19. ve 20. Yüzyıllar boyunca Balkanlar, Kafkasya, Türkiye ve Hind yarım kıtasında dramatik mübadeleler, etnik ve dini arındırma olayları yaşandı.(1)

Yeni kurulan Türkiye ve Yunanistan’da vuku bulan dini arındırma, Müslüman ve Hıristiyan iki topluluğun siyasi liderlerinin aralarında anlaşmasıyla gerçekleşmesi bakımından dikkate değer bir örnektir. Lozan Antlaşması’na (1923) ek olarak yapılan sözleşme uyarınca Türkiye ve Yunanistan karşılıklı olarak nüfus mübadelesi yaptılar. Bu, din esasına göre tehcir ve zorunlu göçtü. Pek güven verici gözükmese de, Anadolu’dan Yunanistan’a 1 milyon 200 bin Hıristiyan Rum, Yunanistan’da Türkiye’ye 500 bin müslüman göç ettirildiği kaydedilir. Mübadelenin büyük bölümü 1923-1924 yıllarında olmuş, geri kalan tehcir 1930 yılına kadar sürmüştür.

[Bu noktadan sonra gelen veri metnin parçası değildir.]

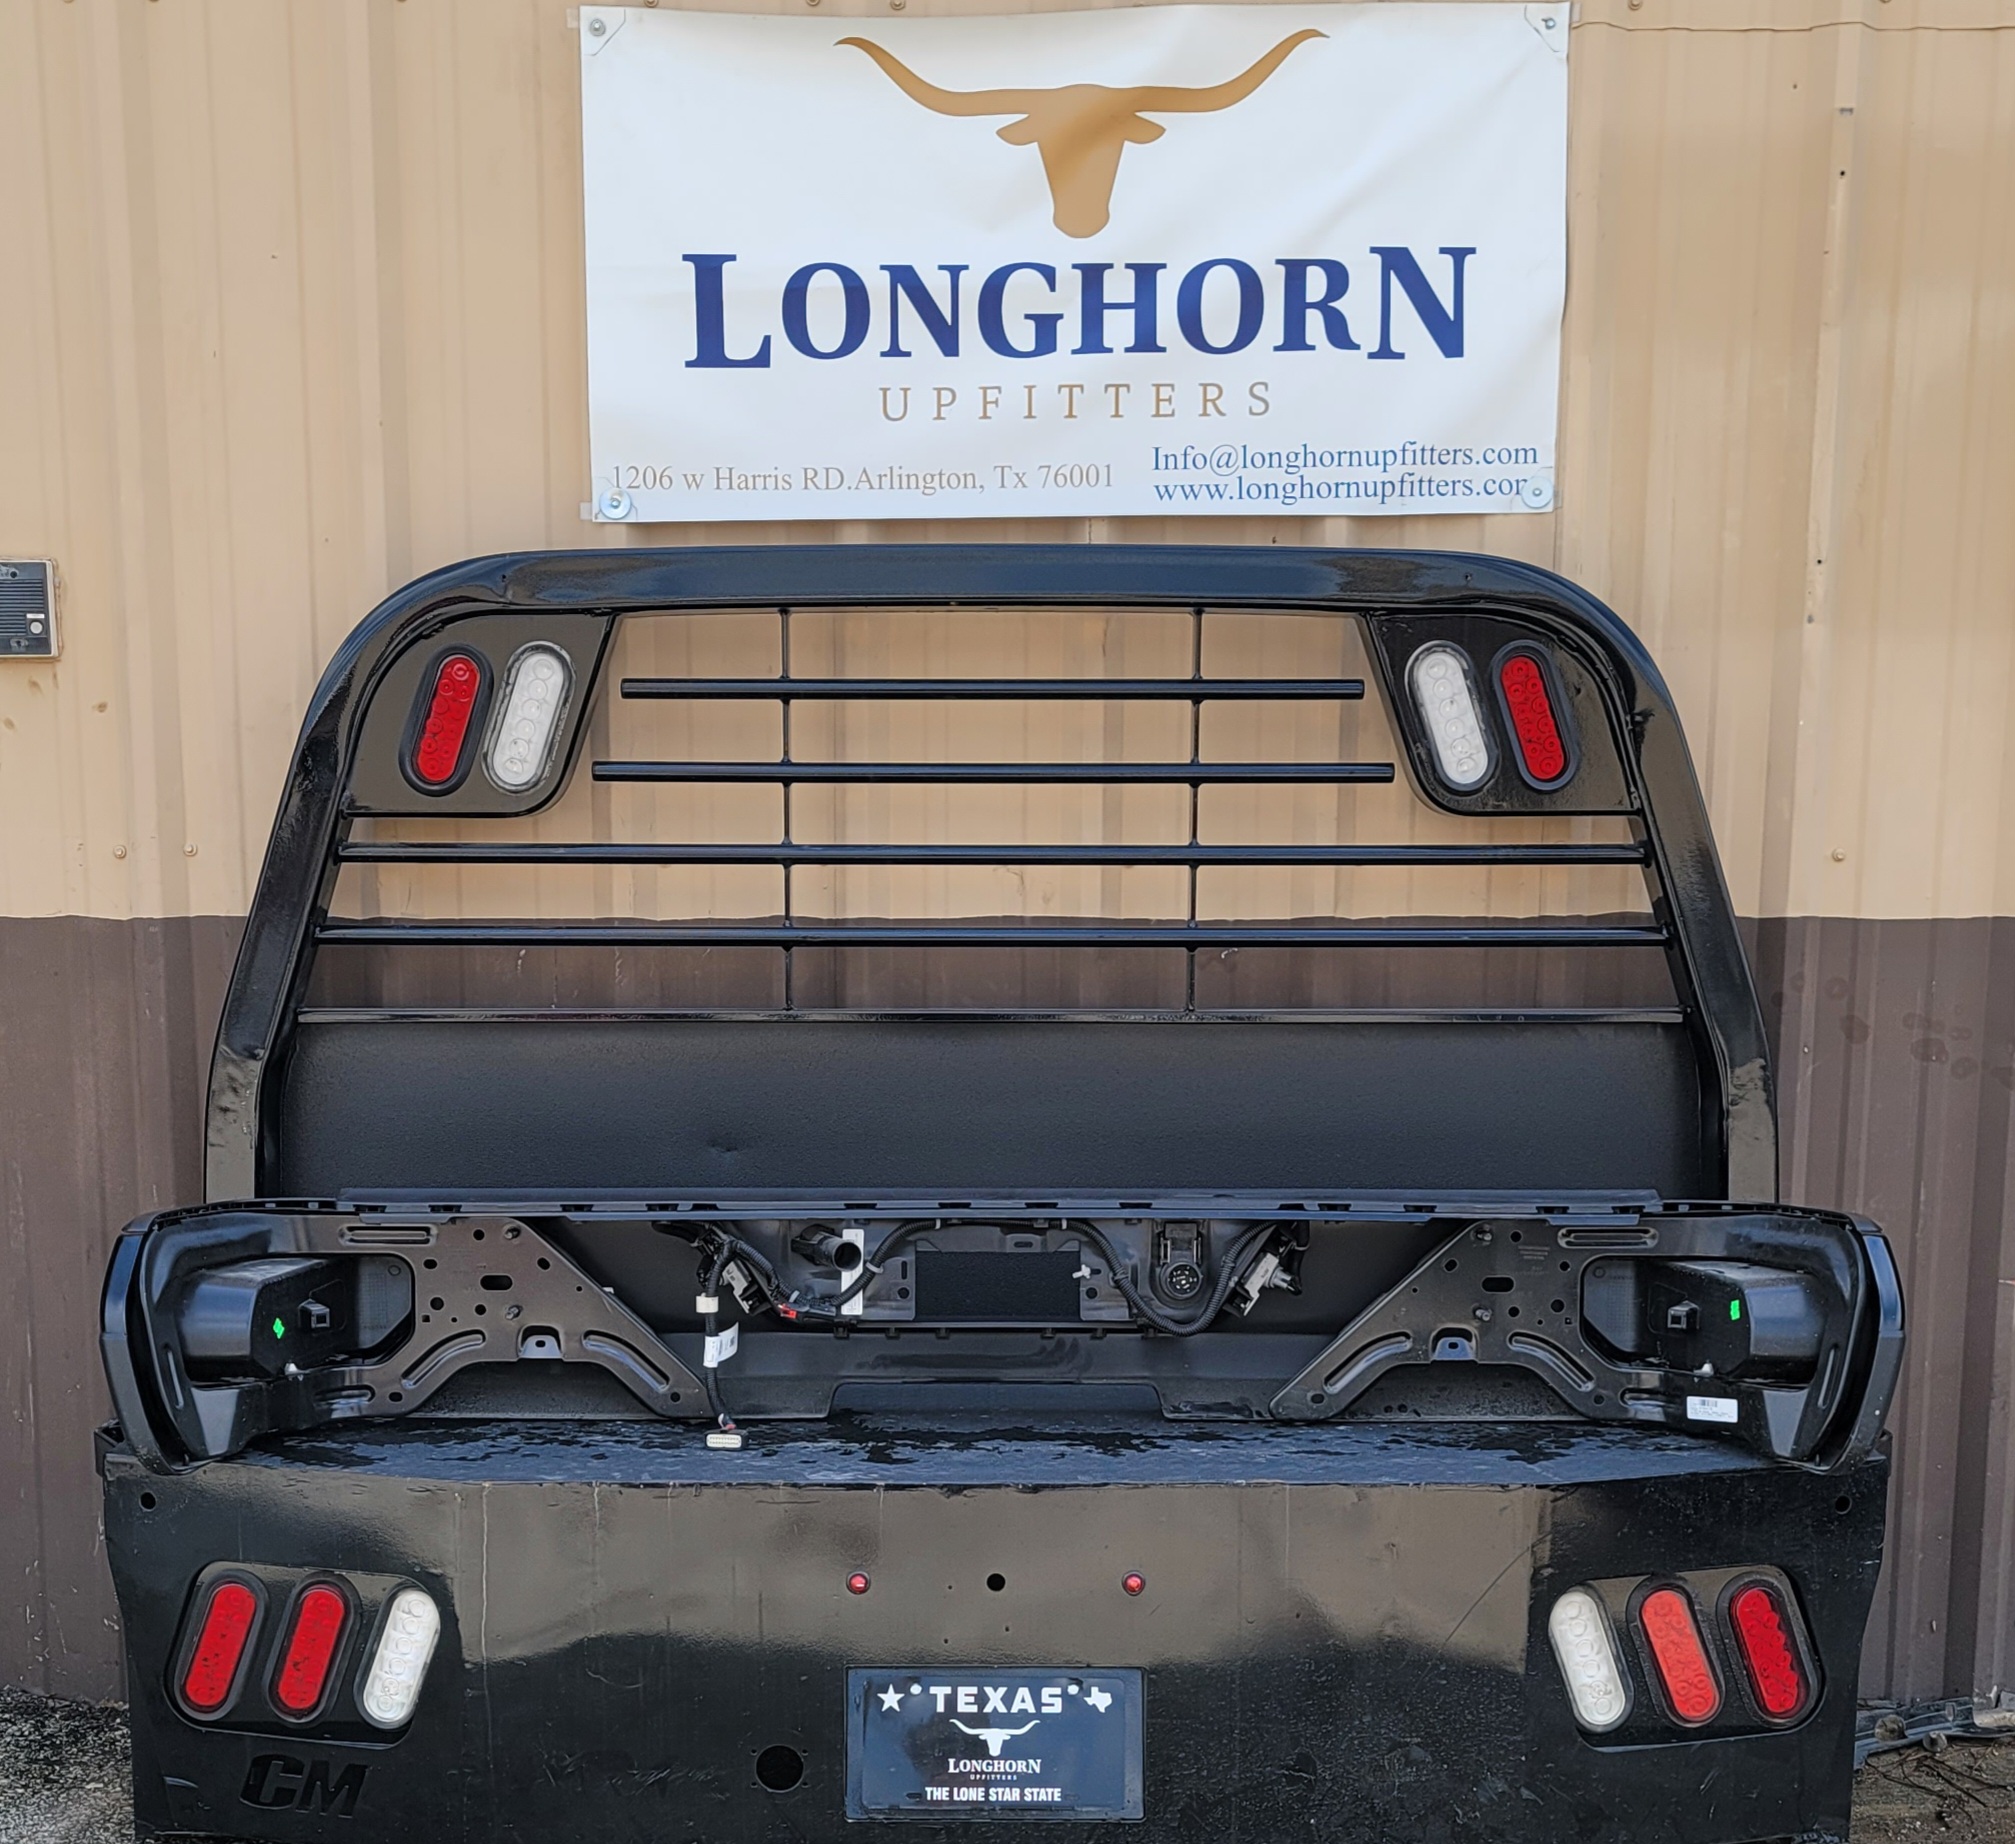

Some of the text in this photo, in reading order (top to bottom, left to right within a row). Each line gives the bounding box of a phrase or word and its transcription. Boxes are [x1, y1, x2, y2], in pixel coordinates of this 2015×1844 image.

Daha öncesinde ve bilhassa Balkan Savaşları’nda Balkanlar’da yaşayan Müslümanların maruz kaldığı zulüm ve baskılar, Milli Mücadele sırasında Anadolu’da, özellikle Ege’de yaşayan Rumların Yunan işgaline gösterdikleri destek, bu iki insan grubu arasında karşılıklı güven krizinin ortaya çıkmasına yol açmıştı, genellikle Yunanlı ve Türk yöneticiler mübadeleye bu gerekçeyi gösterirler. Söz konusu güven krizi etkileyici rol oynamış olsa da, asıl belirleyici faktör yeni kurulacak milli/ulus devletin teb’asının yapısal özelliklerinden dolayı bazı toplulukların milli projeye uyum sağlamayacakları düşüncesi idi: 

Şöyle ki: 

Milli Mücadeleden sonra Gayrimüslimler, Osmanlı’daki “millet statüsü”nden farklı artık “azınlık (ekalliyat)” kabul edilmişti. Bu yeni bir statü idi, zira gerek İslam tarihinde Gayrimüslimlerin Ehl-i Zimmet kabul edilmesi, gerekse Osmanlılar’da millet statüsü kazanması Gayrimüslimlerin “azınlık” muamelesi gördüğü anlamına gelmezdi; azınlık kavramı bizim literatürümüze 19. Yüzyılda ve Batıdan girmişti.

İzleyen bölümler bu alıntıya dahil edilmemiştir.